↓↓↓

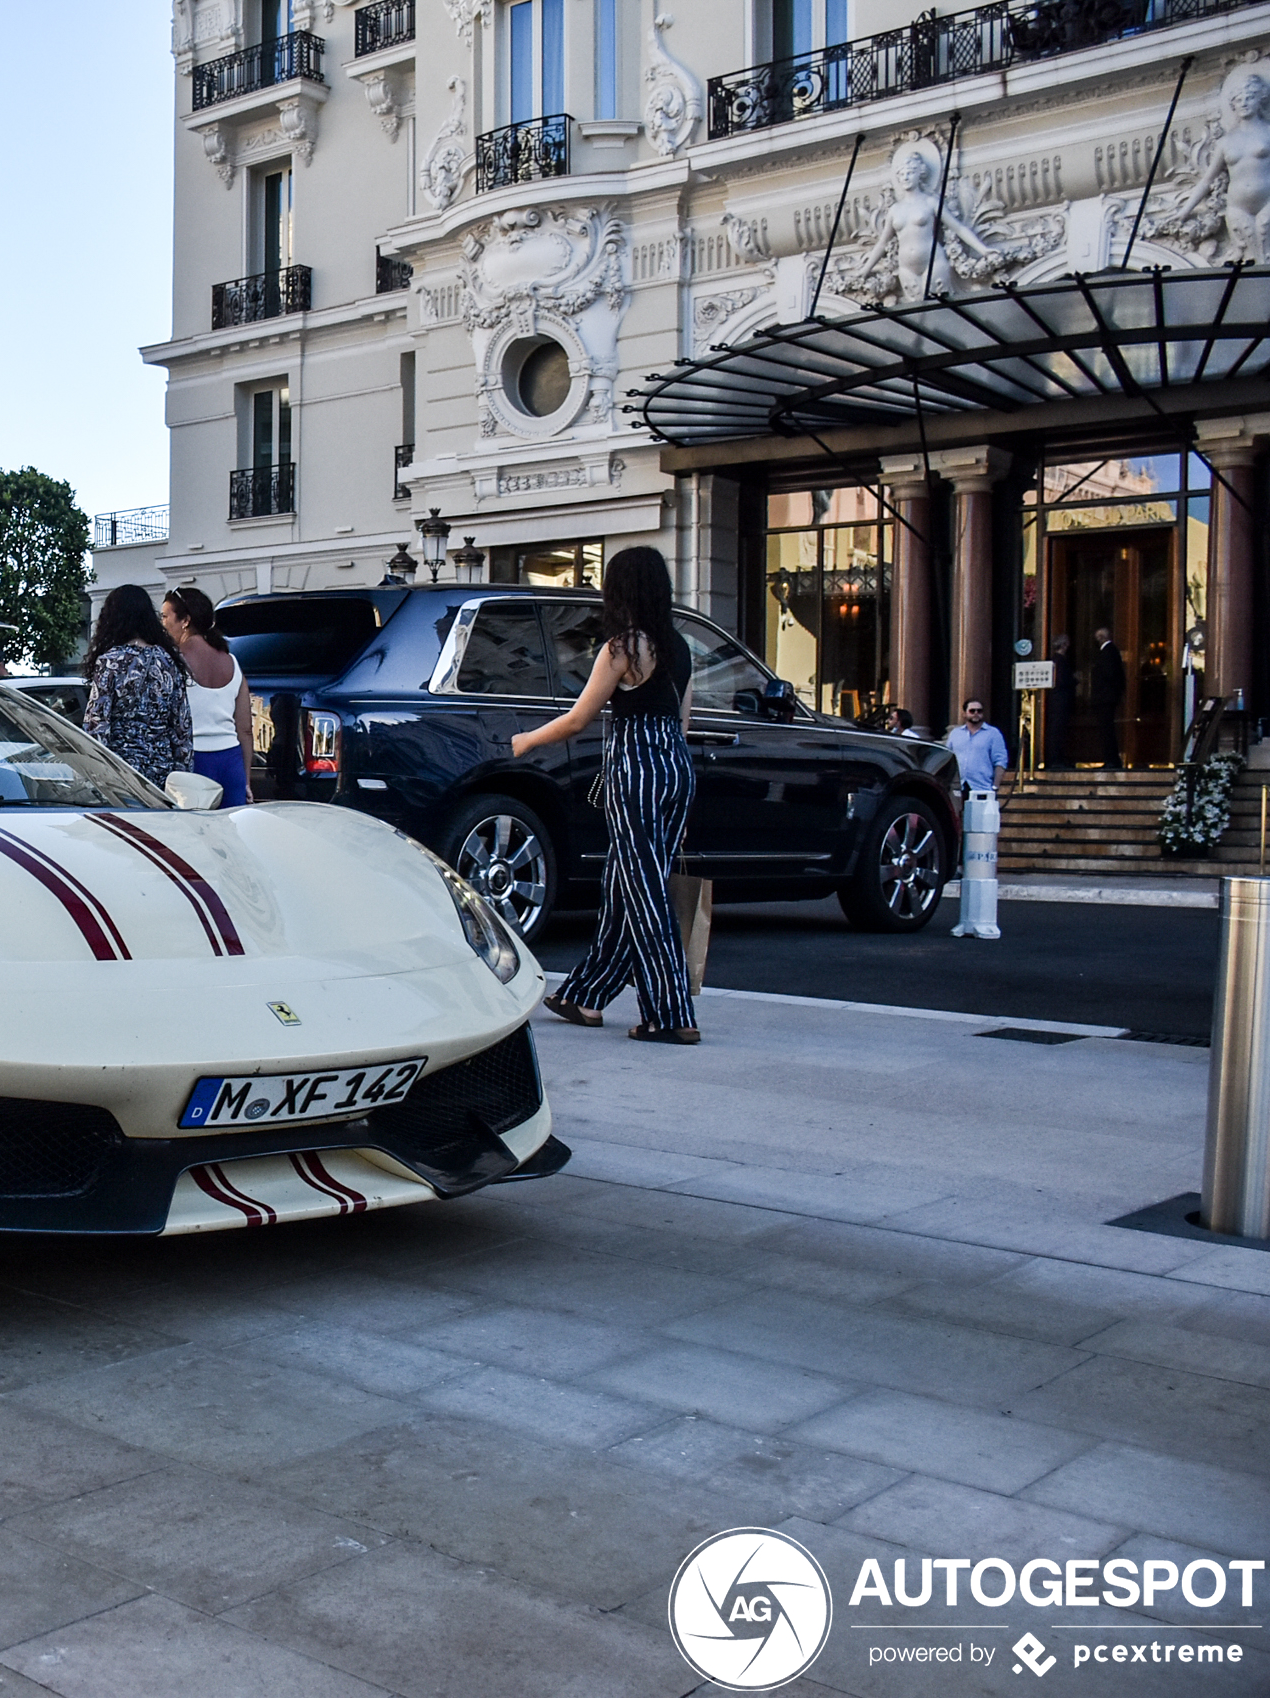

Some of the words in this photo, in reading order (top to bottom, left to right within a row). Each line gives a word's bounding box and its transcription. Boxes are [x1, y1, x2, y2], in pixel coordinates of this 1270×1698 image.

[191, 1107, 203, 1119] D
[210, 1082, 252, 1121] M
[270, 1075, 339, 1117] XF
[334, 1064, 419, 1110] 142
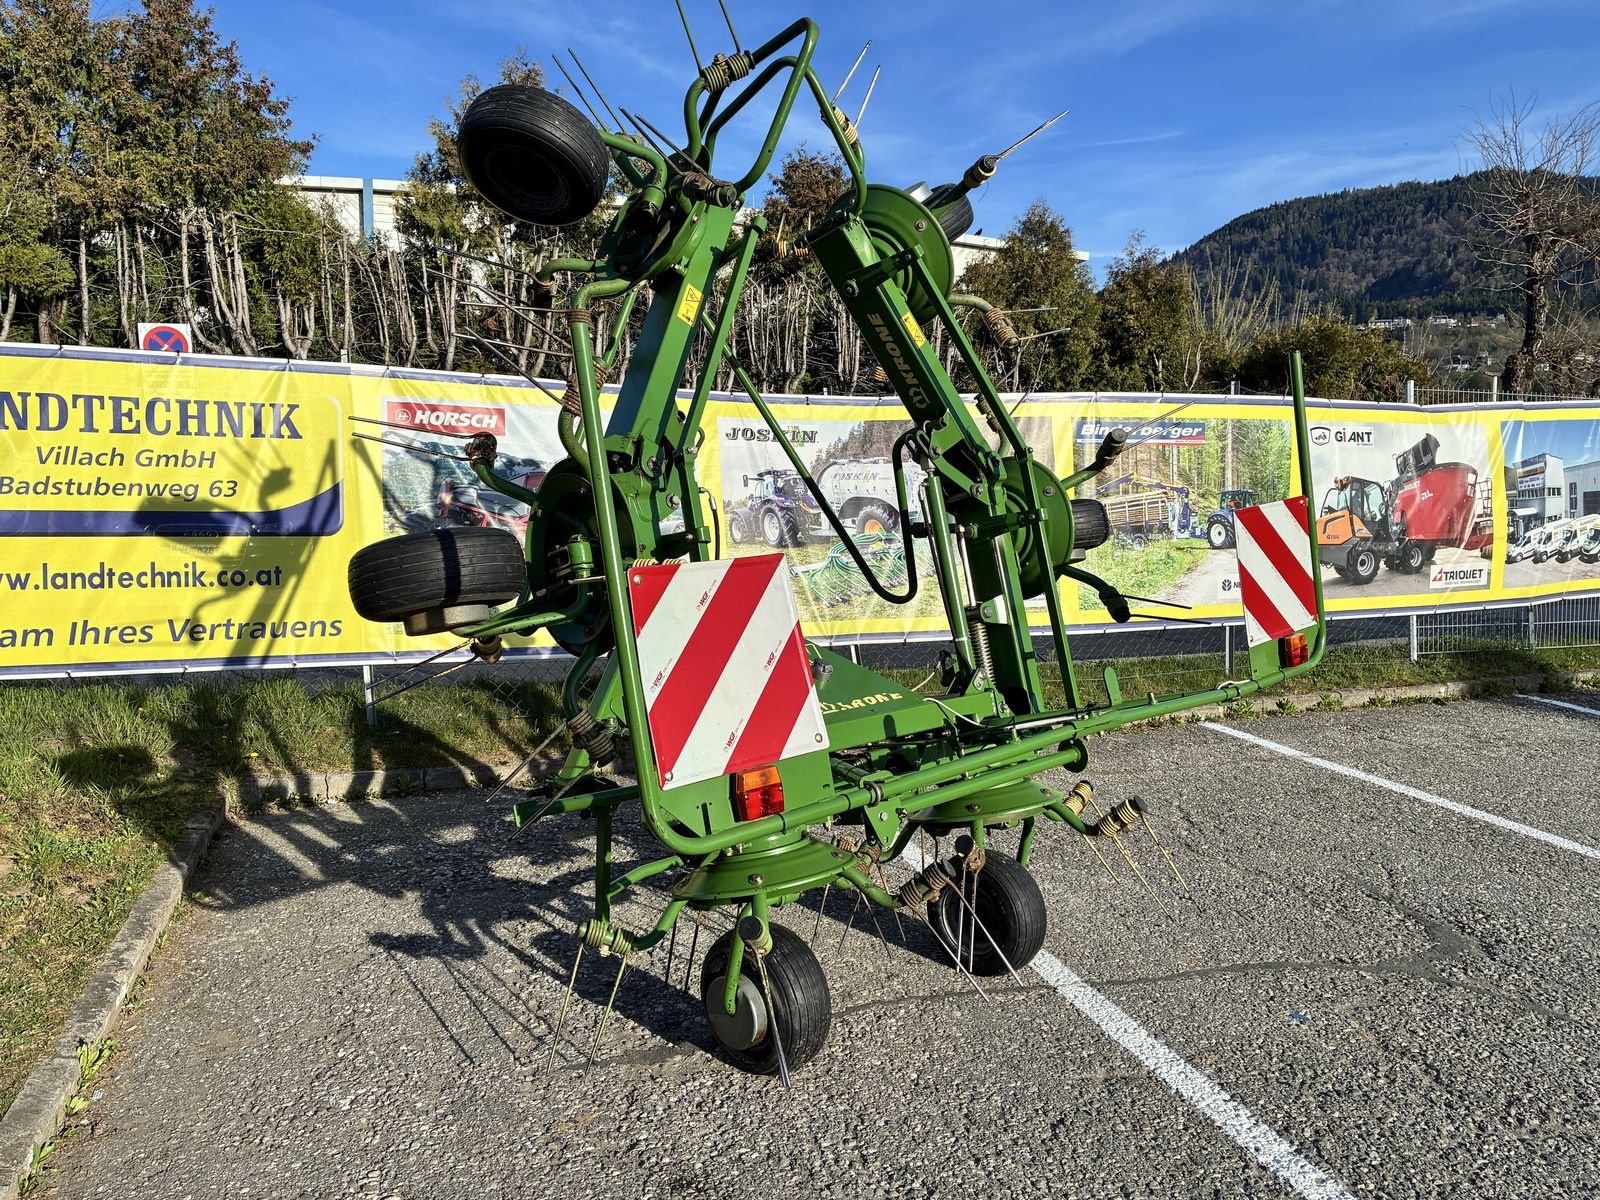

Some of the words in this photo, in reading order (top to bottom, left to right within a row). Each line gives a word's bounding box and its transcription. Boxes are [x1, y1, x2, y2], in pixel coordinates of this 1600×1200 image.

↑↑↑

→ **TASK OBJECTIVE**
If a record contains a picture, leave the picture out and retype everything else exactly.

→ **WRITTEN SOLUTION**
Some of the words in this photo, in reading order (top to bottom, left to right within a row). Each line gives a word's bounding box and its transcription. Boxes are [x1, y1, x2, y2], in pixel coordinates of this 1270×1698 image.

[191, 1107, 203, 1119] D
[210, 1082, 252, 1121] M
[270, 1075, 339, 1117] XF
[334, 1064, 419, 1110] 142

Some of the words in this photo, in reading order (top to bottom, left to right within a row). Each line gives a word's bounding box and its transcription. Boxes are [x1, y1, x2, y2], in pixel coordinates of this 1600×1200 image.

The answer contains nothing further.